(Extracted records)
*** Begin section ***

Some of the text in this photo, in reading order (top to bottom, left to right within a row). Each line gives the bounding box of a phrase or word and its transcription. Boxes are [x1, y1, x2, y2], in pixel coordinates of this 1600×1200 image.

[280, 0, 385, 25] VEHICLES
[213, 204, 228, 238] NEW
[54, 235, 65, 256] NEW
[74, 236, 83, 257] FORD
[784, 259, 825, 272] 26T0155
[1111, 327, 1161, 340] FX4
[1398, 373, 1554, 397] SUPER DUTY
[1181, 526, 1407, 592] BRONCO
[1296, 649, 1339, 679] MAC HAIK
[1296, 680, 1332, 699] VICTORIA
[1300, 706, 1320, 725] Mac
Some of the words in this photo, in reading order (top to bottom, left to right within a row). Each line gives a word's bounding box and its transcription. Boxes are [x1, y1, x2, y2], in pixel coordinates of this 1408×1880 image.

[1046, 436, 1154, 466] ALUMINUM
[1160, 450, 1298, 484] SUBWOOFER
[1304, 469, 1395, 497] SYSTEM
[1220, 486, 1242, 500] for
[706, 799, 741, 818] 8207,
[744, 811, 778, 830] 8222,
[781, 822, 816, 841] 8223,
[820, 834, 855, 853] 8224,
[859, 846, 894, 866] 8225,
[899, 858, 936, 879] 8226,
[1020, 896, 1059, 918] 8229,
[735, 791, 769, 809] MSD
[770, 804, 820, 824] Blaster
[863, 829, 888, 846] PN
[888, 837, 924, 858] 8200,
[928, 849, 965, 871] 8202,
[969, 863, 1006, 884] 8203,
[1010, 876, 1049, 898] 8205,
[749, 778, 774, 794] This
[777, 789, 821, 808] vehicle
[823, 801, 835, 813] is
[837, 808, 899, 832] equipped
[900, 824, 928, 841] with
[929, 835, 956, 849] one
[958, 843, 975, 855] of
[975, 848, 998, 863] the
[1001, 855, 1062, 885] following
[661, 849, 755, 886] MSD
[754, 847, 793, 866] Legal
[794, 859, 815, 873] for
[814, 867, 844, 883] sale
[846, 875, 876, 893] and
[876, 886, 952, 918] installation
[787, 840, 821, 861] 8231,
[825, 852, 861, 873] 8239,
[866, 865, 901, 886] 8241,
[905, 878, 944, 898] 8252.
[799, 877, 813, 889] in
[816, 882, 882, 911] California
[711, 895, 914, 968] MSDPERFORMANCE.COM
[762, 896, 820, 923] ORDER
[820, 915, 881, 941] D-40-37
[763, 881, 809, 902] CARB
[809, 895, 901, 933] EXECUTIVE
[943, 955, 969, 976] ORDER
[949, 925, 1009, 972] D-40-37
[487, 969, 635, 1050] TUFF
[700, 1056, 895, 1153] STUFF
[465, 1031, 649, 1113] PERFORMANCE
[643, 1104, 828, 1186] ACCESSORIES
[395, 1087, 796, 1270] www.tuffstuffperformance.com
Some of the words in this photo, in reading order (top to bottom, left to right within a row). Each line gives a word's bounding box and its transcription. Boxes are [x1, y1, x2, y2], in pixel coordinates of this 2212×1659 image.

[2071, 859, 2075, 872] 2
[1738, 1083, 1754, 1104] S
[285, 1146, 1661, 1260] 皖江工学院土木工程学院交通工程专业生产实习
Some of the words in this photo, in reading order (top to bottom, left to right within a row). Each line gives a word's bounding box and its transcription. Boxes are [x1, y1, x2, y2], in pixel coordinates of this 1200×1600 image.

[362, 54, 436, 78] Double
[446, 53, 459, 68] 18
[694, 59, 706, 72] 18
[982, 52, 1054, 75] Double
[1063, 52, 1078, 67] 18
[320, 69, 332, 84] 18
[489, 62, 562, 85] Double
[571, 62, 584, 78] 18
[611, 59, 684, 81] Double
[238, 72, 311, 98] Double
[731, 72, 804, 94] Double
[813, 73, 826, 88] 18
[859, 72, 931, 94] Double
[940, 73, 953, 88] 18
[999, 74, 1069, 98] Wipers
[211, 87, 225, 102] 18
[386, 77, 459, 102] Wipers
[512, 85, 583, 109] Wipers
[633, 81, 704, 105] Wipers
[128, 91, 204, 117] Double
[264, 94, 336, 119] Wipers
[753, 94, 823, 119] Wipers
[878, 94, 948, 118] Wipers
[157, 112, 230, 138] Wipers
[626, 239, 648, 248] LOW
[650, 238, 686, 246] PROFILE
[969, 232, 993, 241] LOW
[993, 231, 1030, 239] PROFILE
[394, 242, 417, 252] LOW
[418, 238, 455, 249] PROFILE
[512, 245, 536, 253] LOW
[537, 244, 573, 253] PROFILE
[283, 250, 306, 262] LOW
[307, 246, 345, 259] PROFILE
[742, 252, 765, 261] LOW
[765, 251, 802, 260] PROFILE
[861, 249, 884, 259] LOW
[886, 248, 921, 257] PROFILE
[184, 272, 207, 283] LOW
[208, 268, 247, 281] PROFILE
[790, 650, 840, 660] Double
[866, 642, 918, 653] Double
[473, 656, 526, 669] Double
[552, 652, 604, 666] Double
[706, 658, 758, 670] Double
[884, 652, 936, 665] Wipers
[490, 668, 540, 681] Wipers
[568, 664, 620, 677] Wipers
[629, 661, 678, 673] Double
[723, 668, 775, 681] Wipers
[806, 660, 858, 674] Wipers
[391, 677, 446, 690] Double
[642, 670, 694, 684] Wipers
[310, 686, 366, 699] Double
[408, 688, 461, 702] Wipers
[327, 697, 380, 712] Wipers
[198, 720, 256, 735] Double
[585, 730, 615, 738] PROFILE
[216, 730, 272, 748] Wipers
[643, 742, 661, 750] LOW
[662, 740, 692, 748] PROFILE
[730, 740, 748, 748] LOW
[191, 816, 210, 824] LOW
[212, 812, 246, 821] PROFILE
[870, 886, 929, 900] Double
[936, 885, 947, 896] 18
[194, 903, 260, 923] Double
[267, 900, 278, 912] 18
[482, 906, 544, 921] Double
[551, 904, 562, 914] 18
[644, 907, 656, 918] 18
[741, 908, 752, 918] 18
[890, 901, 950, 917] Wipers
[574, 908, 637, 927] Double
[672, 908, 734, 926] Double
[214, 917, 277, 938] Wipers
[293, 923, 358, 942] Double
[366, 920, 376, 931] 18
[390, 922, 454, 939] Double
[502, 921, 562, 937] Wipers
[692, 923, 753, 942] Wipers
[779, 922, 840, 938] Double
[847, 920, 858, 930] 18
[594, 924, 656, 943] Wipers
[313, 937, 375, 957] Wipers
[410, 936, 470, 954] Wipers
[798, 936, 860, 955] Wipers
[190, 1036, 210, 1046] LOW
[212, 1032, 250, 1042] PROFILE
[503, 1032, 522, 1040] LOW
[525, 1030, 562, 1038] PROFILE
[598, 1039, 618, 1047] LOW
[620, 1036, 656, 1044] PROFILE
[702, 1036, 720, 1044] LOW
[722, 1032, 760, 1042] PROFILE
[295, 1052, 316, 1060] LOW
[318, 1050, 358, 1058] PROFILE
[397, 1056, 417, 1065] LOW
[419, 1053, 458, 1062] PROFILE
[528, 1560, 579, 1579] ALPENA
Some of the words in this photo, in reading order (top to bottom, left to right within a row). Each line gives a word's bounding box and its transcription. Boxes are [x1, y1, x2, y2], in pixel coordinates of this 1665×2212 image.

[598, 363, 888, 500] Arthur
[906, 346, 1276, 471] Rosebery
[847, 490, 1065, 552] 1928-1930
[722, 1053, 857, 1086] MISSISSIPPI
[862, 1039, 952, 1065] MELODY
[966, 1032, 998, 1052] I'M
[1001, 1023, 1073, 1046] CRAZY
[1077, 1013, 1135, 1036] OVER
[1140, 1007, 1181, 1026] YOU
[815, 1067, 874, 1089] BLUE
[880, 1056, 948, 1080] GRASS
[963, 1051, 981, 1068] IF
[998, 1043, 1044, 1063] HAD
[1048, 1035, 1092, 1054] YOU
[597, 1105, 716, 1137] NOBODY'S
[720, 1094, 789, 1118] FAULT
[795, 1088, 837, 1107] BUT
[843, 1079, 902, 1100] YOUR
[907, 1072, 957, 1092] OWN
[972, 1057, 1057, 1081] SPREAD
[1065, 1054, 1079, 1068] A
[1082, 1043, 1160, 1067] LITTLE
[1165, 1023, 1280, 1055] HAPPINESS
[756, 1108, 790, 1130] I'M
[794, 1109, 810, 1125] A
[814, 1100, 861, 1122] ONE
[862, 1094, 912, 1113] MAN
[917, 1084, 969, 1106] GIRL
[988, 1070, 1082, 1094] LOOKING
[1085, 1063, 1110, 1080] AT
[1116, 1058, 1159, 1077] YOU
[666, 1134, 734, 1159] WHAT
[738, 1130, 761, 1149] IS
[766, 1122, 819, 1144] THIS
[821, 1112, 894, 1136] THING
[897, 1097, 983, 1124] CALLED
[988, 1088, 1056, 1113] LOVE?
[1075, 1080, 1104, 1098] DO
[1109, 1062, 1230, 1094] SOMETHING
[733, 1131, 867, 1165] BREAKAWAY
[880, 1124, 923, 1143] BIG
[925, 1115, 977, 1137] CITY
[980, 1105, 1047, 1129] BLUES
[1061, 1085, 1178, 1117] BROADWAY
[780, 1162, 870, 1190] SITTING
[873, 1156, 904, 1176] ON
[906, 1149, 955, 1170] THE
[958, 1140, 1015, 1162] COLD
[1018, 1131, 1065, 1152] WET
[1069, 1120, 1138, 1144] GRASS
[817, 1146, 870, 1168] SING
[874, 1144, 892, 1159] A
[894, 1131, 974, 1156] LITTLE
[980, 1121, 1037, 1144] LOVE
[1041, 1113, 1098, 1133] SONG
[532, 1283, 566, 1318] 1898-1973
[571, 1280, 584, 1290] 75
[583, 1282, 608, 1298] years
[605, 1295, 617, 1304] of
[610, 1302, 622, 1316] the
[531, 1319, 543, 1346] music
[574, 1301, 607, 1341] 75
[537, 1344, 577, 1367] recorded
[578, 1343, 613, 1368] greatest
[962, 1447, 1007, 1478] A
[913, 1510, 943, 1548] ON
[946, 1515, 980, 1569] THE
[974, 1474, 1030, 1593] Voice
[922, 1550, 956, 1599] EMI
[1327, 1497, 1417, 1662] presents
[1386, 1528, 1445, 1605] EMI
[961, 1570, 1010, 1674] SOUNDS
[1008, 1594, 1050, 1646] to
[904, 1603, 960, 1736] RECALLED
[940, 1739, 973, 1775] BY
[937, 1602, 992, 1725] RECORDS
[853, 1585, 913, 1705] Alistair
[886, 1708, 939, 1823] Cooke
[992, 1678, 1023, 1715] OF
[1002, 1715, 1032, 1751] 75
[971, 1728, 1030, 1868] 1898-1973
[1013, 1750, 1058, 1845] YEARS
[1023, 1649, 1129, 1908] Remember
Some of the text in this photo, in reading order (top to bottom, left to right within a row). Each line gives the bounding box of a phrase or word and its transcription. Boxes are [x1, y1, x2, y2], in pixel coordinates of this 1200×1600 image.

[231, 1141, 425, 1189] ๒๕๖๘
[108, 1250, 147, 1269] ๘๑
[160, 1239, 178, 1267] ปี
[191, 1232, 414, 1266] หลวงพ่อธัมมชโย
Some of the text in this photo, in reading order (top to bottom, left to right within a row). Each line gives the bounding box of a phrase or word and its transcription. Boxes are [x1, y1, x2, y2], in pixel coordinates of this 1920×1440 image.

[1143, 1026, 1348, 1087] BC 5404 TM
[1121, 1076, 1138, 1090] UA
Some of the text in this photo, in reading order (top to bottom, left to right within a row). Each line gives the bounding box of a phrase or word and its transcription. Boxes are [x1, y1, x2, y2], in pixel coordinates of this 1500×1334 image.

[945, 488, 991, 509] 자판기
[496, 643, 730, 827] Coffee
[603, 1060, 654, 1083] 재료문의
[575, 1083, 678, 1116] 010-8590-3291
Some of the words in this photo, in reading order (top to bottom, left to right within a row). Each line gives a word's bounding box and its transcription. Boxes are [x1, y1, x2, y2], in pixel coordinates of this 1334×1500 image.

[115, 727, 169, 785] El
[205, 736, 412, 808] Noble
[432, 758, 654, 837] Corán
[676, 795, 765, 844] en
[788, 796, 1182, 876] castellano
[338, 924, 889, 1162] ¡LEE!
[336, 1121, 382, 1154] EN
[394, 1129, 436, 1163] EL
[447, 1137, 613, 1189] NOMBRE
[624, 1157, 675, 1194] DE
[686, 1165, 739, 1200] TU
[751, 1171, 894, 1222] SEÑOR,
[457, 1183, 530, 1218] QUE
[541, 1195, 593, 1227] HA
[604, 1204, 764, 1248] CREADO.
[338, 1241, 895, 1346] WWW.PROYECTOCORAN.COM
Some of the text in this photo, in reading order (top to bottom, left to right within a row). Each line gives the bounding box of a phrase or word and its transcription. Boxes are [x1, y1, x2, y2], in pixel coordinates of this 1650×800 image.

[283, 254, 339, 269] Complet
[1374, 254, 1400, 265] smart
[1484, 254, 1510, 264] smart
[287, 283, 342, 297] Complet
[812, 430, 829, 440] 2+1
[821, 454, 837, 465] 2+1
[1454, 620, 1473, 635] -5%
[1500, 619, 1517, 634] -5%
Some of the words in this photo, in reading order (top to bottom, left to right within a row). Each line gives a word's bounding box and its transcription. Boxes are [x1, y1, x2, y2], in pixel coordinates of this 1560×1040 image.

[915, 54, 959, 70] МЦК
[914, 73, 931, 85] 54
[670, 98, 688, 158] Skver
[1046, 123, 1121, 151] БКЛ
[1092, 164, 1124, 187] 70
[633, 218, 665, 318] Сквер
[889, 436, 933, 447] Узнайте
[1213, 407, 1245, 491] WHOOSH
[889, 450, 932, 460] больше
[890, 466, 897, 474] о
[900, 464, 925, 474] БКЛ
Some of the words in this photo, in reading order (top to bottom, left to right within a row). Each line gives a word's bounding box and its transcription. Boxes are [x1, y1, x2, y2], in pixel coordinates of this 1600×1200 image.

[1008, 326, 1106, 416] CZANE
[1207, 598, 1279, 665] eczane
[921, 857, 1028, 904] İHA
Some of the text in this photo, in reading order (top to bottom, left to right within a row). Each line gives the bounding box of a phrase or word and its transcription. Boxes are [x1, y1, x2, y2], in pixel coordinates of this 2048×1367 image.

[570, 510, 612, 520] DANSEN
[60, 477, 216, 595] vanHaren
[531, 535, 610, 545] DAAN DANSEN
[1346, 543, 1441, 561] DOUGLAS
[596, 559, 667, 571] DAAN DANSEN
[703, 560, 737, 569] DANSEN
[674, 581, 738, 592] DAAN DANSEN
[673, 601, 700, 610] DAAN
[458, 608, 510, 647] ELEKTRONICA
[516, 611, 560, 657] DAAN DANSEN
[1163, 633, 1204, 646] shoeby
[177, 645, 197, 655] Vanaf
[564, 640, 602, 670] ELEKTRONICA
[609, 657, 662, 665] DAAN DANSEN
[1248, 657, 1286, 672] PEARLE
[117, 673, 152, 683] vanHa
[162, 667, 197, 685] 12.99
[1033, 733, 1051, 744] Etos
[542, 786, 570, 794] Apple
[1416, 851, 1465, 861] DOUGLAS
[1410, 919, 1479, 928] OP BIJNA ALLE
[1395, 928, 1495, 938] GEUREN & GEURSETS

*** End section ***

- PROBLEM REQUIREMENTS -
With the line containing "this 1560×1040 image." as the first and the last line above as the final one, copy those lines exactly and no others.

- ANSWER SECTION -
Some of the words in this photo, in reading order (top to bottom, left to right within a row). Each line gives a word's bounding box and its transcription. Boxes are [x1, y1, x2, y2], in pixel coordinates of this 1560×1040 image.

[915, 54, 959, 70] МЦК
[914, 73, 931, 85] 54
[670, 98, 688, 158] Skver
[1046, 123, 1121, 151] БКЛ
[1092, 164, 1124, 187] 70
[633, 218, 665, 318] Сквер
[889, 436, 933, 447] Узнайте
[1213, 407, 1245, 491] WHOOSH
[889, 450, 932, 460] больше
[890, 466, 897, 474] о
[900, 464, 925, 474] БКЛ
Some of the words in this photo, in reading order (top to bottom, left to right within a row). Each line gives a word's bounding box and its transcription. Boxes are [x1, y1, x2, y2], in pixel coordinates of this 1600×1200 image.

[1008, 326, 1106, 416] CZANE
[1207, 598, 1279, 665] eczane
[921, 857, 1028, 904] İHA
Some of the text in this photo, in reading order (top to bottom, left to right within a row). Each line gives the bounding box of a phrase or word and its transcription. Boxes are [x1, y1, x2, y2], in pixel coordinates of this 2048×1367 image.

[570, 510, 612, 520] DANSEN
[60, 477, 216, 595] vanHaren
[531, 535, 610, 545] DAAN DANSEN
[1346, 543, 1441, 561] DOUGLAS
[596, 559, 667, 571] DAAN DANSEN
[703, 560, 737, 569] DANSEN
[674, 581, 738, 592] DAAN DANSEN
[673, 601, 700, 610] DAAN
[458, 608, 510, 647] ELEKTRONICA
[516, 611, 560, 657] DAAN DANSEN
[1163, 633, 1204, 646] shoeby
[177, 645, 197, 655] Vanaf
[564, 640, 602, 670] ELEKTRONICA
[609, 657, 662, 665] DAAN DANSEN
[1248, 657, 1286, 672] PEARLE
[117, 673, 152, 683] vanHa
[162, 667, 197, 685] 12.99
[1033, 733, 1051, 744] Etos
[542, 786, 570, 794] Apple
[1416, 851, 1465, 861] DOUGLAS
[1410, 919, 1479, 928] OP BIJNA ALLE
[1395, 928, 1495, 938] GEUREN & GEURSETS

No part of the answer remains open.